> **Records**
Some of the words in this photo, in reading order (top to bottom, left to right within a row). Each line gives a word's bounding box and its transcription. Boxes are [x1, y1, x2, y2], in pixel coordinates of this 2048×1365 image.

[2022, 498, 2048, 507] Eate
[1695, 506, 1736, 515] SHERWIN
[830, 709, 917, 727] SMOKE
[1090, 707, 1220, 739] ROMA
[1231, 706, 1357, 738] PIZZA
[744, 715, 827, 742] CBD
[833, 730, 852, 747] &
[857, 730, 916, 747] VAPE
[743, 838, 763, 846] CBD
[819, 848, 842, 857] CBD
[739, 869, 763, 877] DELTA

> **Exercise**
Return every line above exactly as it stands.

> **Task result**
Some of the words in this photo, in reading order (top to bottom, left to right within a row). Each line gives a word's bounding box and its transcription. Boxes are [x1, y1, x2, y2], in pixel coordinates of this 2048×1365 image.

[2022, 498, 2048, 507] Eate
[1695, 506, 1736, 515] SHERWIN
[830, 709, 917, 727] SMOKE
[1090, 707, 1220, 739] ROMA
[1231, 706, 1357, 738] PIZZA
[744, 715, 827, 742] CBD
[833, 730, 852, 747] &
[857, 730, 916, 747] VAPE
[743, 838, 763, 846] CBD
[819, 848, 842, 857] CBD
[739, 869, 763, 877] DELTA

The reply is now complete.